I understand that you were talking about the foreign War on Terror, and that's what I meant also: not only am I sure it's NOT helping, I'm sadly convinced it's making everything much, much worse. I have never, ever bought the line, "fight them there so we don't fight them here." Why are we FIGHTING them anyway? Maybe if we'd adopt some fair policies in that region, maybe if we stopped sending ambassadors over there to insult them by presuming they'd all live like Americans given the choice, they'd stop hating us.

And Esther, your comment about terrorism occurring before 9/11, after and as a factual inevitability needs to be directed to George Bush, not me. He's the one that acts as if nothing before 9/11 occurred and the one that keeps promising us that by winning the war in Iraq, whatever that means because he sure hasn't told us, that we will be able to defeat terrorism.

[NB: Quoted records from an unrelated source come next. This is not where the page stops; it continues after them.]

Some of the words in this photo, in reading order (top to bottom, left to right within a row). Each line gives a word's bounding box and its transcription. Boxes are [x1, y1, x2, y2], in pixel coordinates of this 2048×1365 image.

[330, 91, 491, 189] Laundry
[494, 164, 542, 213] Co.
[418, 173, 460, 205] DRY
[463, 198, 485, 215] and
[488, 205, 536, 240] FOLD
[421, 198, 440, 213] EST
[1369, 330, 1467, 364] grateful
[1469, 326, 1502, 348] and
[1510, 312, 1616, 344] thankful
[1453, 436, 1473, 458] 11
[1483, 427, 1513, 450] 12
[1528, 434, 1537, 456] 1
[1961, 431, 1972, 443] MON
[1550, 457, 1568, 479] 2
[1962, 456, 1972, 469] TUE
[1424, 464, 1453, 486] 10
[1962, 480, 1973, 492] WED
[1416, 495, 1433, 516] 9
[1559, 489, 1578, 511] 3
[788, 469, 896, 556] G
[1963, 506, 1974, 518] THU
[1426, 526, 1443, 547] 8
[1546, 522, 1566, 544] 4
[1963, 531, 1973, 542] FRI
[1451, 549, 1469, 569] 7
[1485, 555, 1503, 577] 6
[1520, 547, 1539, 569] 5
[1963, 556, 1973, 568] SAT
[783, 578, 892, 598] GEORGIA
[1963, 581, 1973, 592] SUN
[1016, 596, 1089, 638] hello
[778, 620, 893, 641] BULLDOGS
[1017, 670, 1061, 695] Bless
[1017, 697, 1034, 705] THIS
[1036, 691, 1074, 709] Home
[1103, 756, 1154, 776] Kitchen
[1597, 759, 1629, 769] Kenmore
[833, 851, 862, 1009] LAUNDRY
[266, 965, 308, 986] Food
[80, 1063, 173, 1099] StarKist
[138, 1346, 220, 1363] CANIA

Nonsense. You can't stop a determined terrorist. There will always be crazy radicals, someone will always be hating you. And it needn't be Muslim extremists. The War on Terror wouldn't have stopped the Oklahoma City bombing. What we need is to be prepared; and what we need to do, rather than slaughtering Arab children and their mothers, is to start attacking the image the Arab world has of us by really trying to help them, rather than fulfilling bin Laden's prophecies.

Steve said...

Andy...I am a little concerned if you are saying... Let the battle be fought here. I just wanted to clarify that. I am assume that is not what you are saying. The Republican mantra since 9/11 has been that we have NOT been attacked on U.S. soil since those tragic events. They believe that by taking the fight to the other nations they have made us safer. It "seems" that is true.

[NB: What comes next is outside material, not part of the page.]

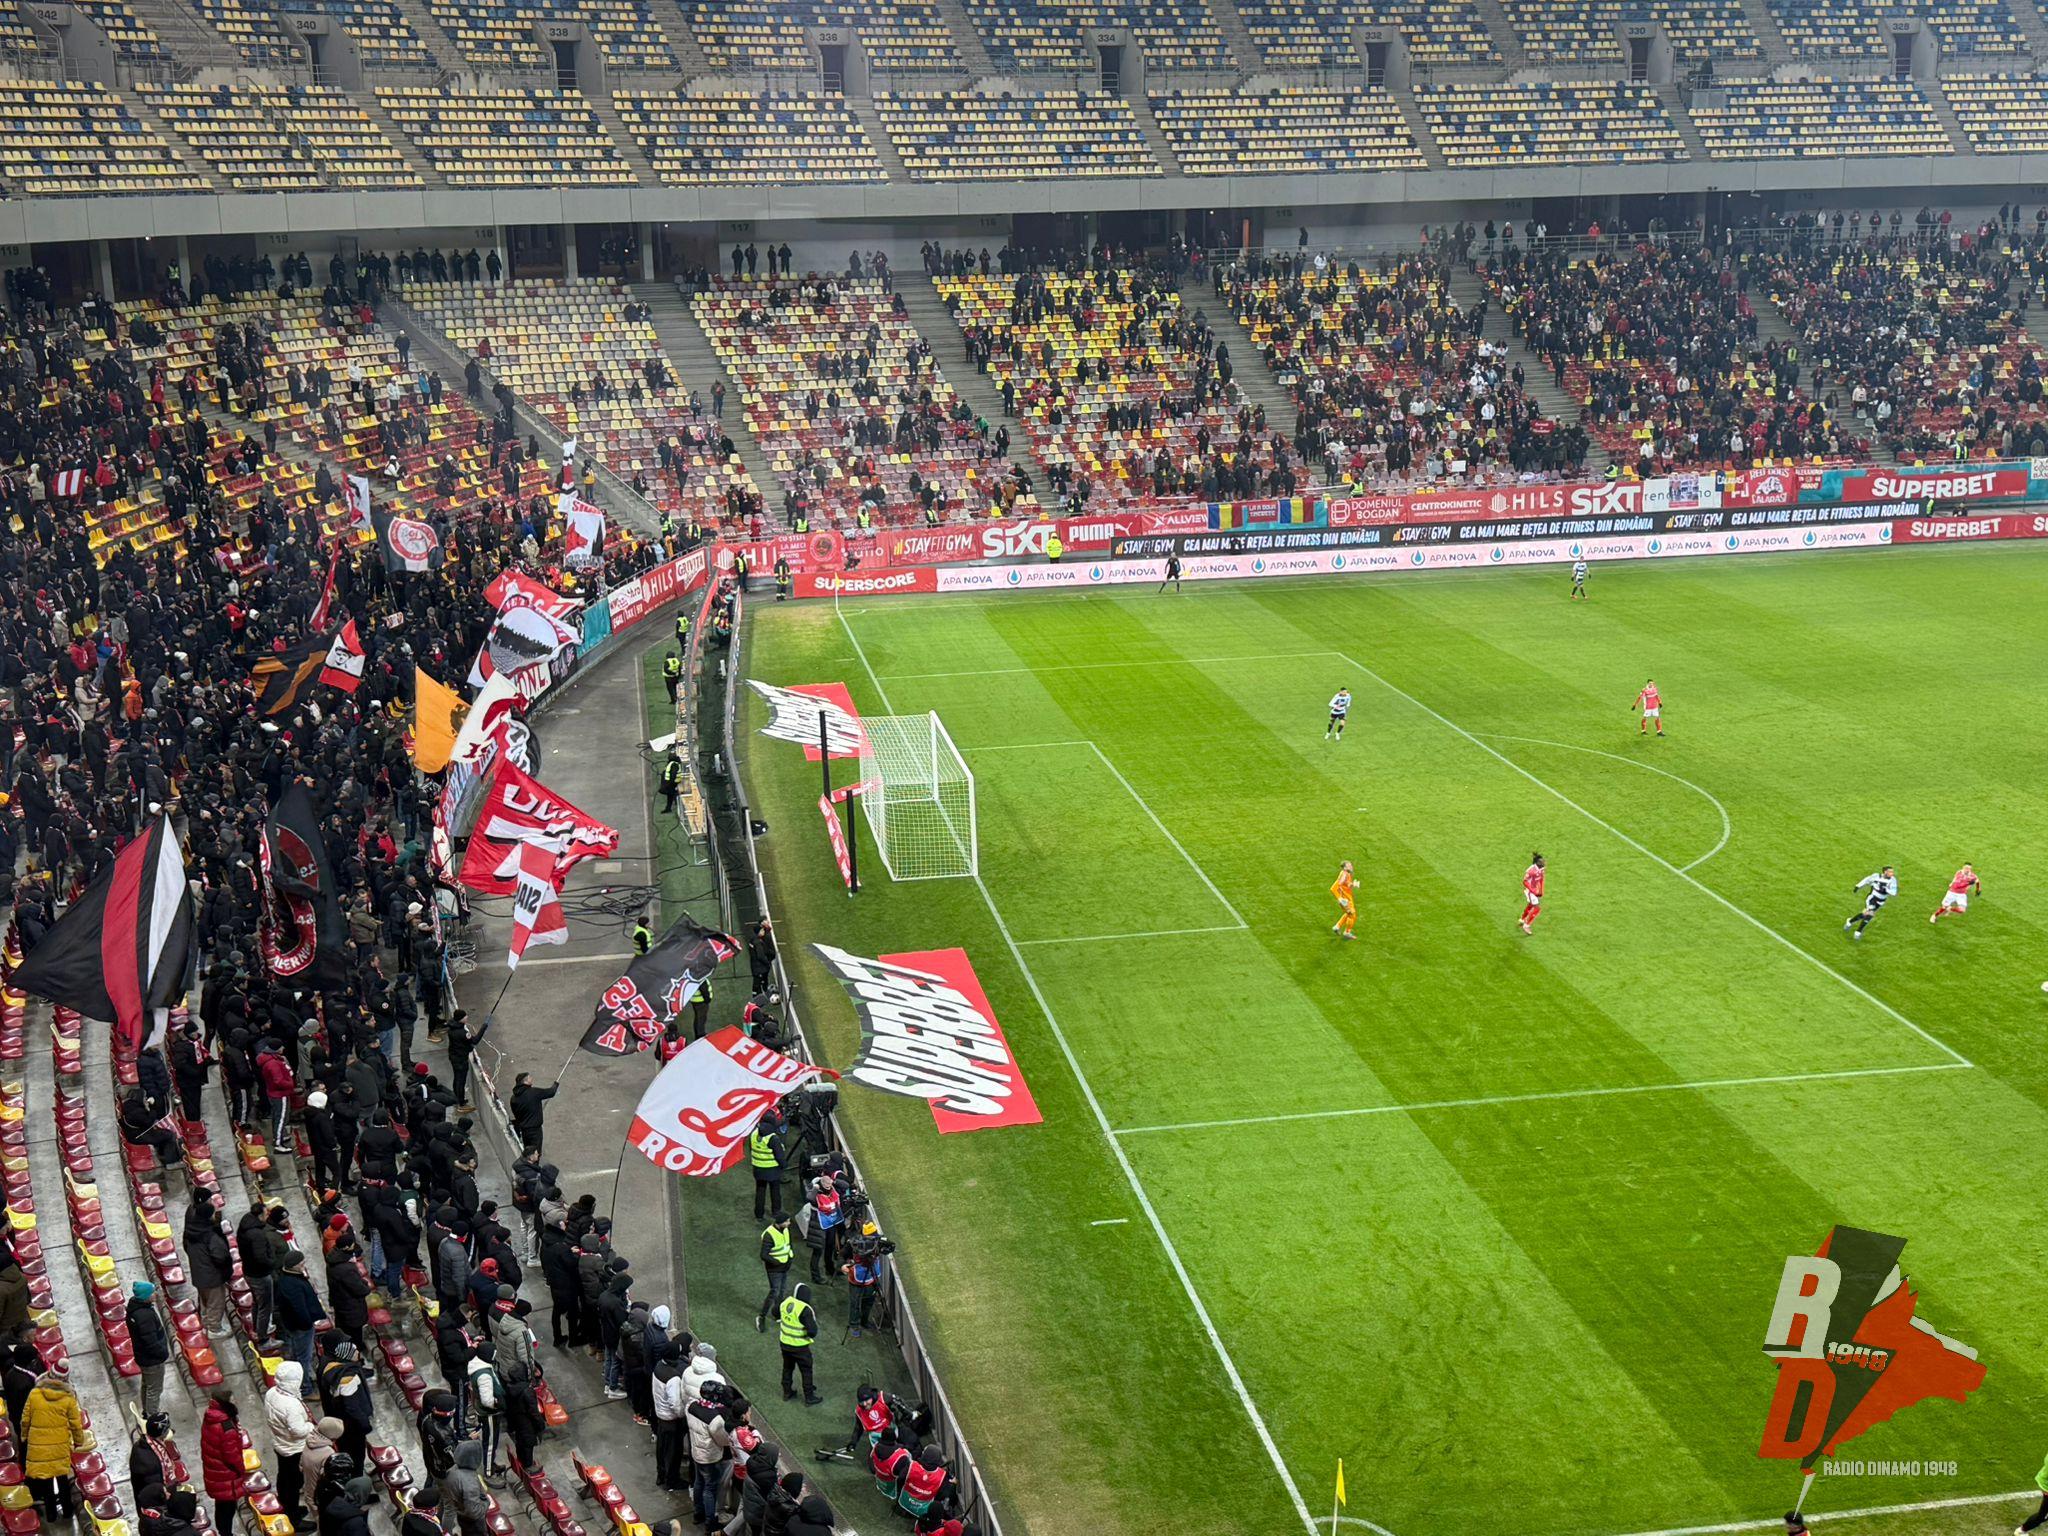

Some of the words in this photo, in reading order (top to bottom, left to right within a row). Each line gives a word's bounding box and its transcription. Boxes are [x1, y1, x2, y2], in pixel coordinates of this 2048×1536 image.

If we look at the conflict in the Middle East as an example. We will be fighting this religous war for decades. Our nieces, nephews and their children will be funding and fighting this pseudo war.

The question is what does the future of the United States look like? President Bush promised to be a uniter not a fighter. Well we can see where that campaign promise got us. Do we have an opposition party that will be a party of ideas and promote change and will we be better off with them in power? Those are my questions.

Esther said...

Andy: The Katrina stuff was directed at Steve's points and the discussion of the foreign war was also to clarify for Steve, but I forgot to put his name in, sorry.

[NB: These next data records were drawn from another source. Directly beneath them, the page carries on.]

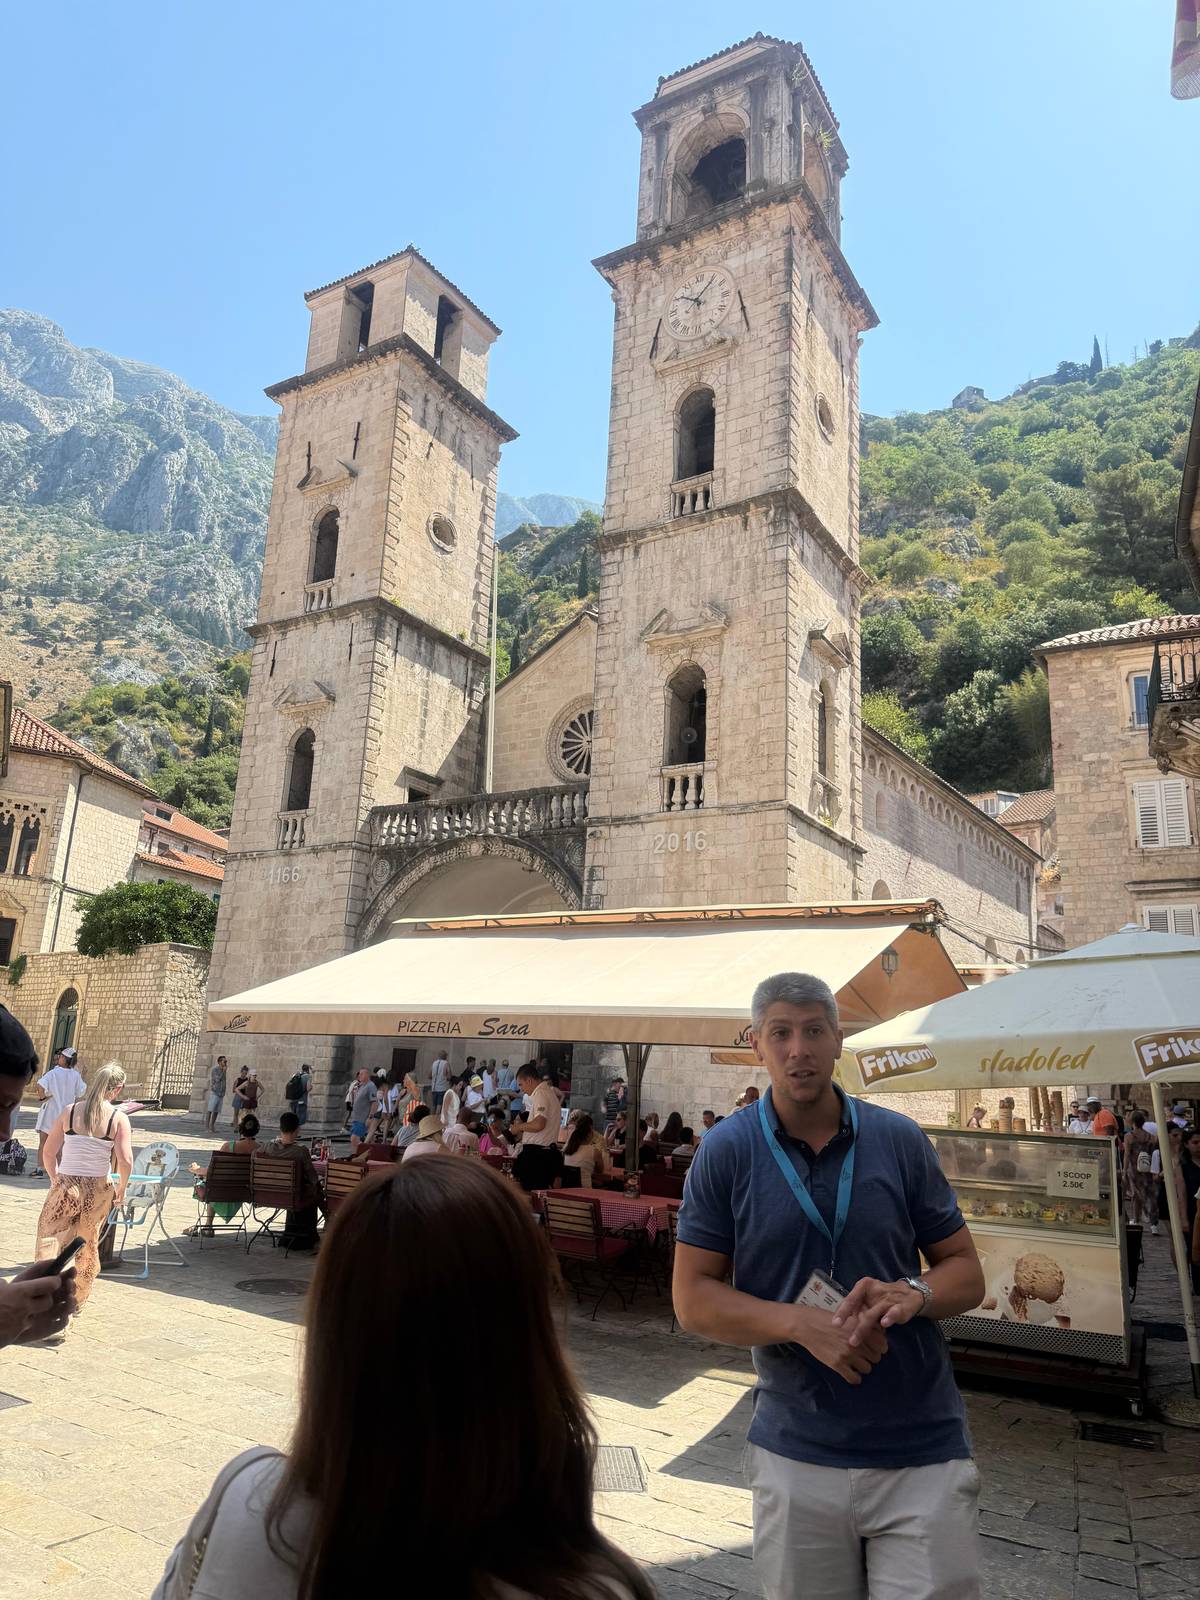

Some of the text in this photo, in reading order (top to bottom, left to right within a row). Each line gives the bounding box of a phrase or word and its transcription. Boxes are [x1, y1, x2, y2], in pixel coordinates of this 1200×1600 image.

[653, 830, 707, 855] 2016
[269, 865, 300, 884] 1166
[397, 1017, 530, 1036] PIZZERIA Sara
[861, 1048, 934, 1078] Frikom
[978, 1044, 1096, 1073] sladoled
[1063, 1171, 1092, 1180] SCOOP
[1063, 1180, 1085, 1189] 2.50€

As for the rest, we really don't disagree as much as we think we do. I am all for diplomacy instead of war. I do, however, believe that terrorists are the ones taking innocent lives and need to be fought here or there. But that's probably the only point on which we really differ very strongly.

In th end, we have somewhat different worldviews and I can look at yours and see what is good about it and what I disagree with and you can do the same with mine. Debating the details will probably never resolve anything, so I'm just going to let my previous comments stand and continue reading your blog because I enjoy it and reconsidering my own thoughts because I am not afraid of being wrong. :o)

Andy said...

Oh, I'm absolutely not suggesting that we should sit around and wait to deal with terrorists on our own turf.

I'm saying that terrorism is far more complex than simply one group of people with some training camps in Afghanistan that we could bomb and then end terrorism. Terrorism will not end even if we manage to establish real democracy in Iraq.

Yes, it's true that America has not been attacked since 9/11, but hopefully that's because of increased security and greater attention being paid to threats. I'm not above giving credit where credit is due.

However, incidents of terrorism globally have increased exponentially since we invaded Iraq. As someone who rides the New York subways daily, London and Madrid are forever in my mind. I don't think there is any way an attack can be prevented; I regard it as an inevitability. We must be prepared; Katrina would indicate the federal government is powerless now, so let's hope municipalities take notice.

The only way to defeat the threat of terrorism by radical Islamists is to defeat support for it within the Arab world; and the only way to do that is not to bomb women and children and show videos of desecrated corpses, etc., but to really play a positive role in the Middle East. This means taking an objective stance on Israel, and it means not installing puppet dictators like Saddam Hussein, among other things.

I think many Americans think the Arabs are sitting in tents somewhere tending their goats without benefit of CNN and they don't know what's really going on in the world. Trust me, they know that President Bush is considering vetoing legislation that would prevent him from torturing Muslim prisoners. They know.

little-cicero said...

Economic indicators say there is a recovery about. Gas prices are restraining growth, as well as the Chinese competitor, but the so-called "housing bubble," contrary to your Greenspan yellow tape-economics, is still growing, which points to the fact that people are still doing well.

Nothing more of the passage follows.